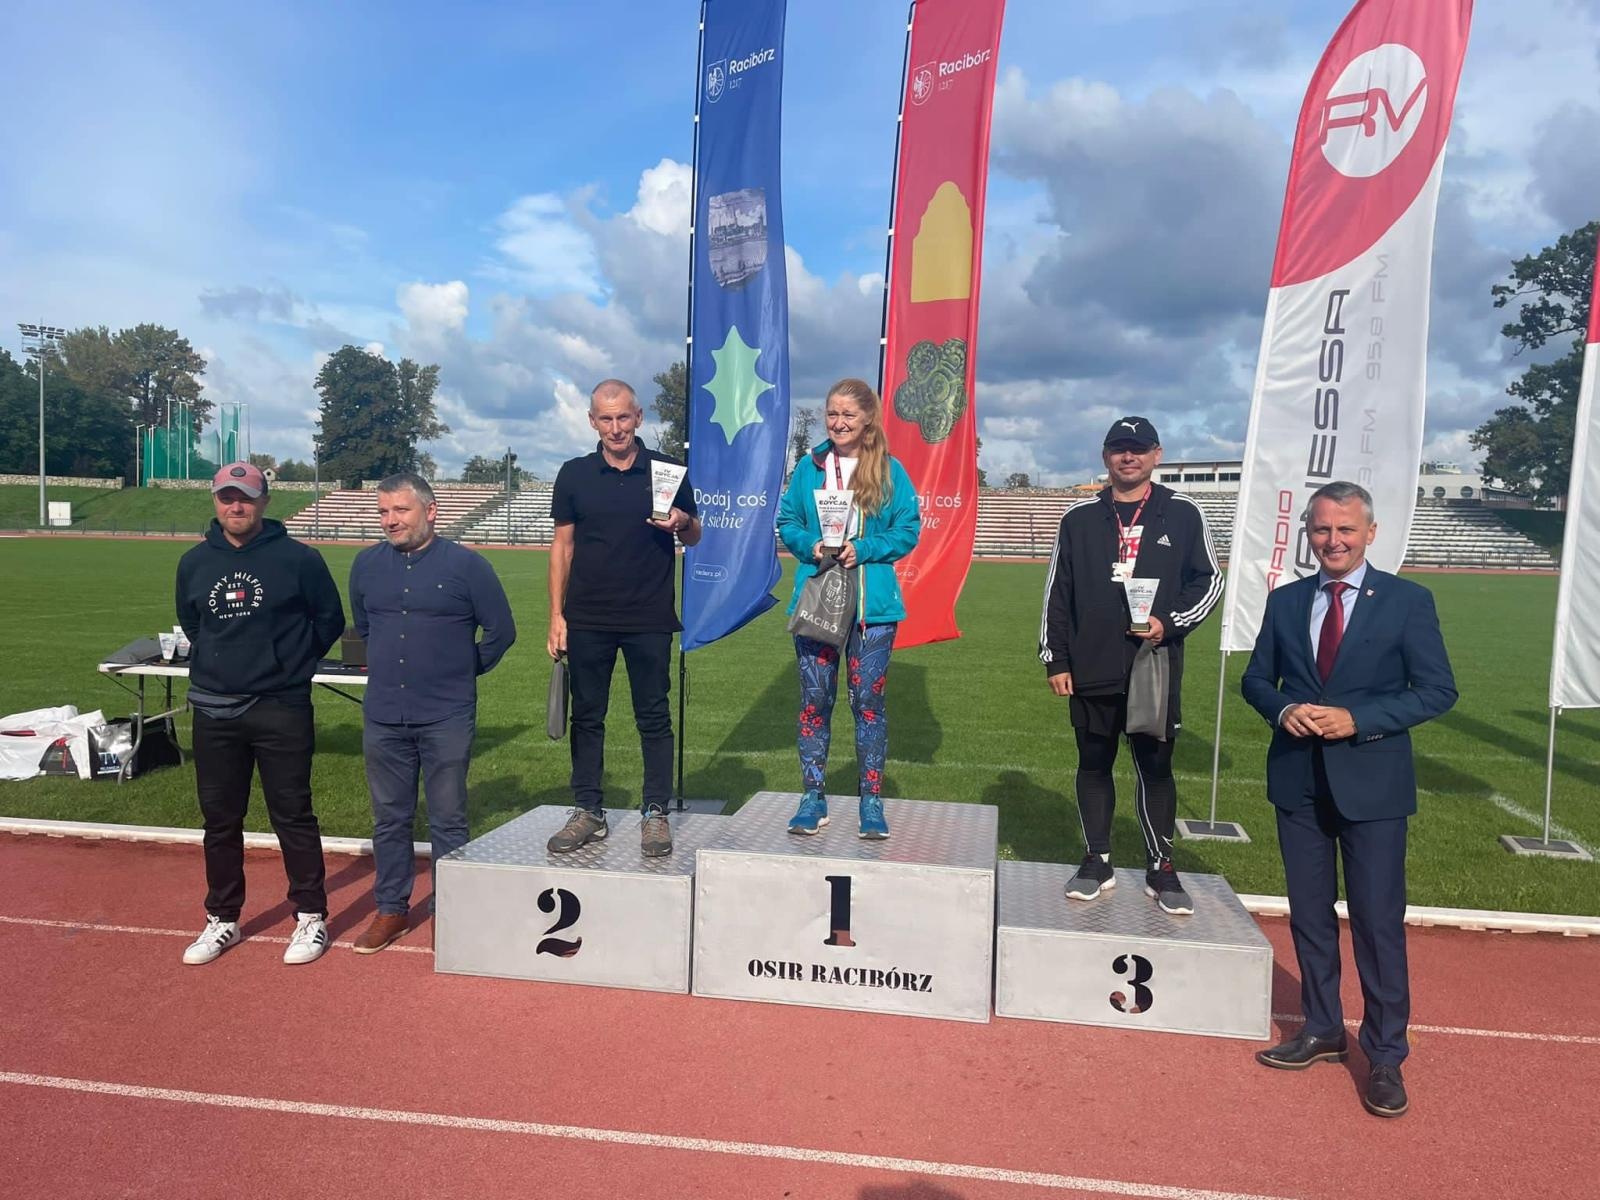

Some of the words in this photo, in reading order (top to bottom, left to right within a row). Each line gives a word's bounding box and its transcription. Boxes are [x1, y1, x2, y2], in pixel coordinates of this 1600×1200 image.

[729, 48, 775, 75] Racibórz
[939, 49, 991, 77] Racibórz
[694, 488, 731, 511] Dodaj
[736, 490, 767, 507] coś
[935, 491, 962, 509] coś
[707, 510, 744, 529] siebie
[208, 575, 228, 614] TOMMY
[234, 572, 264, 608] HILFIGER
[536, 887, 583, 958] 2
[823, 875, 857, 948] 1
[748, 958, 803, 981] OSIR
[811, 963, 933, 993] RACIBÓRZ
[1109, 953, 1154, 1014] 3

# WHAT YOU ARE ASKED TO DO
Reproduce all of the material exactly, apart from the pictures.

# ANSWER TO THIS TASK
Some of the words in this photo, in reading order (top to bottom, left to right within a row). Each line gives a word's bounding box and its transcription. Boxes are [x1, y1, x2, y2], in pixel coordinates of this 1600×1200 image.

[729, 48, 775, 75] Racibórz
[939, 49, 991, 77] Racibórz
[694, 488, 731, 511] Dodaj
[736, 490, 767, 507] coś
[935, 491, 962, 509] coś
[707, 510, 744, 529] siebie
[208, 575, 228, 614] TOMMY
[234, 572, 264, 608] HILFIGER
[536, 887, 583, 958] 2
[823, 875, 857, 948] 1
[748, 958, 803, 981] OSIR
[811, 963, 933, 993] RACIBÓRZ
[1109, 953, 1154, 1014] 3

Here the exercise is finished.